##### INPUT MATERIAL

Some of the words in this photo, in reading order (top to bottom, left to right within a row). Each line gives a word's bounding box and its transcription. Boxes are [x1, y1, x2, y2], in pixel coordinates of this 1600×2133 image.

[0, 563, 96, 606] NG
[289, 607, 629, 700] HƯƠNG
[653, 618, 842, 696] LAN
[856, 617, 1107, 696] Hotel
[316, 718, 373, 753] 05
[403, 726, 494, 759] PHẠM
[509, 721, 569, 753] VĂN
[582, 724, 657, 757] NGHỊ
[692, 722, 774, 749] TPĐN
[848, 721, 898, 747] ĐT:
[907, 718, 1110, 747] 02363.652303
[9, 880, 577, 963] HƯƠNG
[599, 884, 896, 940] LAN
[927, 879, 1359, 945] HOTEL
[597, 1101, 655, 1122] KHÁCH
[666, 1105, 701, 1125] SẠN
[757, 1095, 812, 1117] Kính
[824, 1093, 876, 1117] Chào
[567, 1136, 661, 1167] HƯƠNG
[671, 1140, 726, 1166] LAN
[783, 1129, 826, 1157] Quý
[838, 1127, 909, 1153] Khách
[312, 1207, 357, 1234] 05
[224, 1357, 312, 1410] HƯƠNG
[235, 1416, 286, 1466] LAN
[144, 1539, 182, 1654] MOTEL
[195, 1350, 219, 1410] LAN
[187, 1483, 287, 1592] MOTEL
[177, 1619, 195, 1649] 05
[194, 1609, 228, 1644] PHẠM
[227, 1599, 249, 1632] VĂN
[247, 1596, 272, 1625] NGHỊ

##########

TASK REQUIREMENTS ▸ Each record needs to be duplicated exactly.

RESULT FOR THIS TASK ▸
Some of the words in this photo, in reading order (top to bottom, left to right within a row). Each line gives a word's bounding box and its transcription. Boxes are [x1, y1, x2, y2], in pixel coordinates of this 1600×2133 image.

[0, 563, 96, 606] NG
[289, 607, 629, 700] HƯƠNG
[653, 618, 842, 696] LAN
[856, 617, 1107, 696] Hotel
[316, 718, 373, 753] 05
[403, 726, 494, 759] PHẠM
[509, 721, 569, 753] VĂN
[582, 724, 657, 757] NGHỊ
[692, 722, 774, 749] TPĐN
[848, 721, 898, 747] ĐT:
[907, 718, 1110, 747] 02363.652303
[9, 880, 577, 963] HƯƠNG
[599, 884, 896, 940] LAN
[927, 879, 1359, 945] HOTEL
[597, 1101, 655, 1122] KHÁCH
[666, 1105, 701, 1125] SẠN
[757, 1095, 812, 1117] Kính
[824, 1093, 876, 1117] Chào
[567, 1136, 661, 1167] HƯƠNG
[671, 1140, 726, 1166] LAN
[783, 1129, 826, 1157] Quý
[838, 1127, 909, 1153] Khách
[312, 1207, 357, 1234] 05
[224, 1357, 312, 1410] HƯƠNG
[235, 1416, 286, 1466] LAN
[144, 1539, 182, 1654] MOTEL
[195, 1350, 219, 1410] LAN
[187, 1483, 287, 1592] MOTEL
[177, 1619, 195, 1649] 05
[194, 1609, 228, 1644] PHẠM
[227, 1599, 249, 1632] VĂN
[247, 1596, 272, 1625] NGHỊ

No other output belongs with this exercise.